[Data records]
- - -
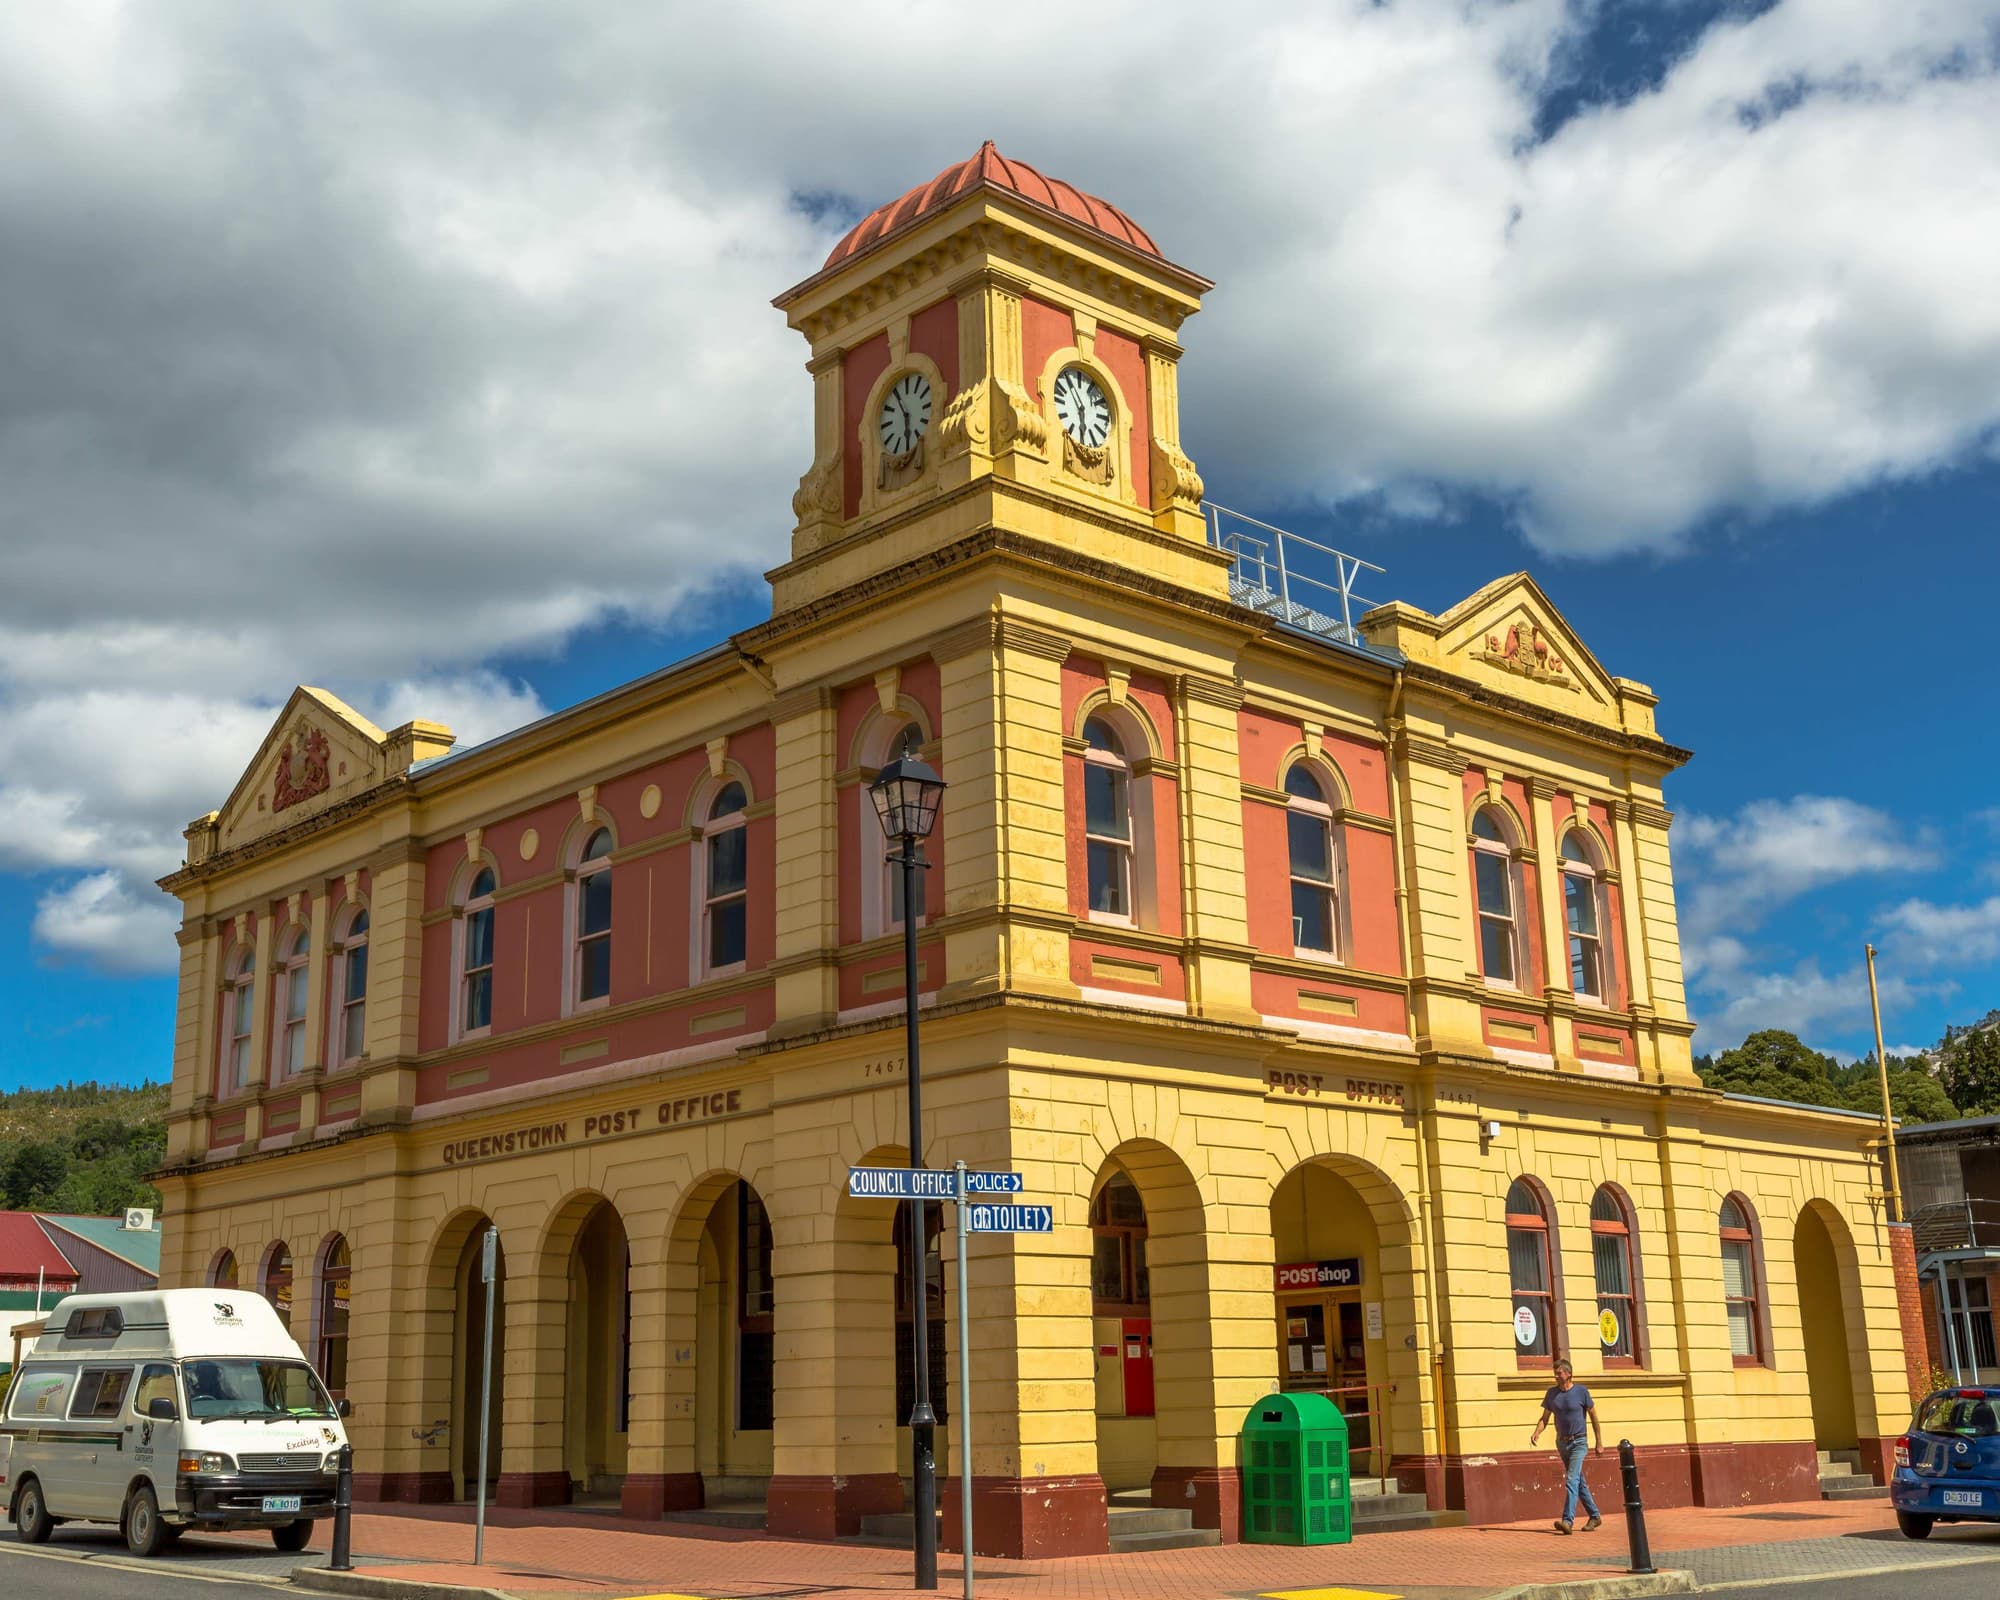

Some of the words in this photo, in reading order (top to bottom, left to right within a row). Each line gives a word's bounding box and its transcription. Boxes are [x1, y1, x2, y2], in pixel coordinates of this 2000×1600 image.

[338, 761, 347, 777] R
[864, 1057, 905, 1077] 7467
[1268, 1070, 1324, 1098] POST
[1346, 1079, 1406, 1106] OFFICE
[1439, 1091, 1473, 1105] 7467
[443, 1121, 568, 1165] QUEENSTOWN
[584, 1108, 641, 1138] POST
[658, 1089, 742, 1124] OFFICE
[853, 1171, 907, 1193] COUNCIL
[912, 1172, 954, 1195] OFFICE
[967, 1174, 1011, 1191] POLICE
[991, 1206, 1042, 1230] TOILET
[1279, 1266, 1351, 1285] POSTshop
[286, 1437, 320, 1450] Exciting
[264, 1499, 275, 1510] FN
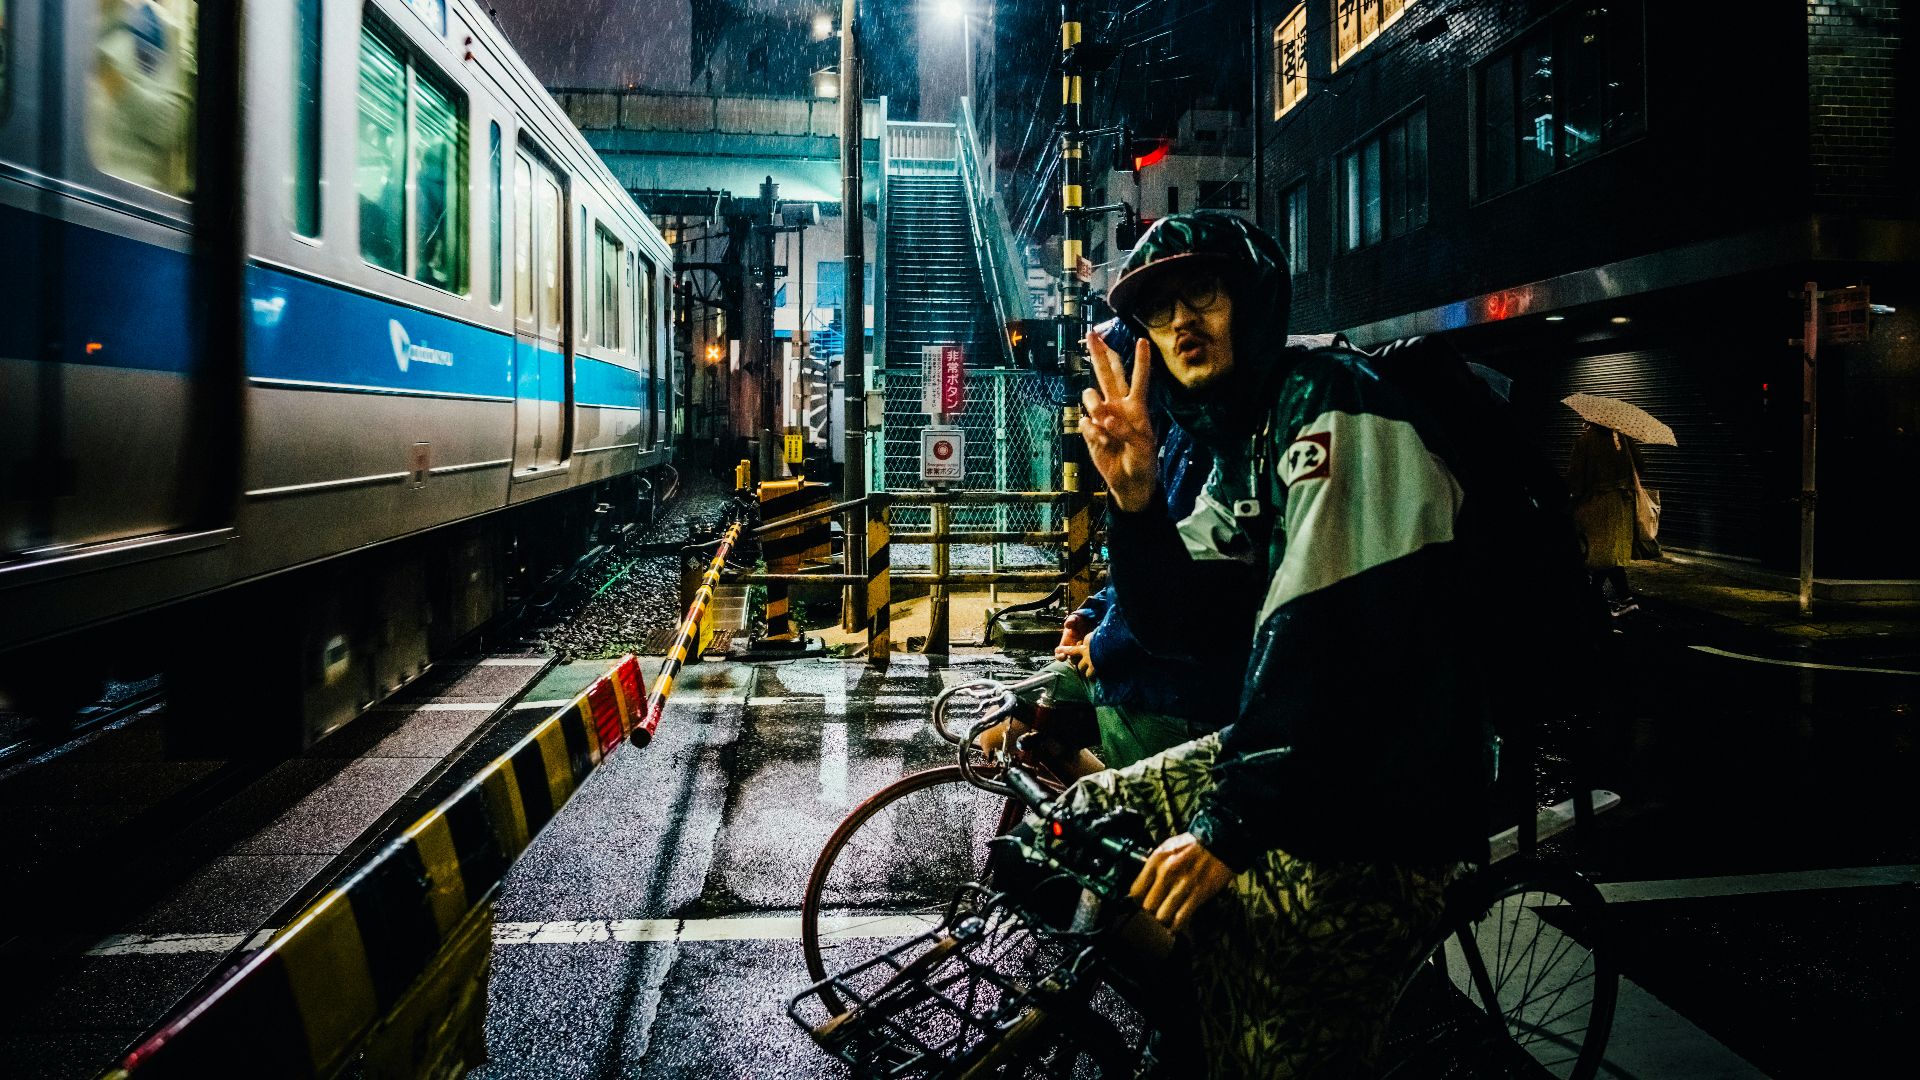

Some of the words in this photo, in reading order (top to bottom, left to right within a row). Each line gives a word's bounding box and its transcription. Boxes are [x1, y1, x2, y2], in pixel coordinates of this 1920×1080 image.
- - -
> **TRY IT**
The result should be the same data as above, line for line, with the pictures gone.

> **COMPLETED TASK**
Some of the words in this photo, in reading order (top to bottom, left to right within a row). Each line gives a word's bounding box and its transcription. Boxes are [x1, y1, x2, y2], in pixel coordinates of this 2000×1600 image.

[338, 761, 347, 777] R
[864, 1057, 905, 1077] 7467
[1268, 1070, 1324, 1098] POST
[1346, 1079, 1406, 1106] OFFICE
[1439, 1091, 1473, 1105] 7467
[443, 1121, 568, 1165] QUEENSTOWN
[584, 1108, 641, 1138] POST
[658, 1089, 742, 1124] OFFICE
[853, 1171, 907, 1193] COUNCIL
[912, 1172, 954, 1195] OFFICE
[967, 1174, 1011, 1191] POLICE
[991, 1206, 1042, 1230] TOILET
[1279, 1266, 1351, 1285] POSTshop
[286, 1437, 320, 1450] Exciting
[264, 1499, 275, 1510] FN

Some of the words in this photo, in reading order (top to bottom, left to right within a row). Each line gives a word's bounding box and its transcription. Boxes are [x1, y1, x2, y2], in pixel coordinates of this 1920×1080 image.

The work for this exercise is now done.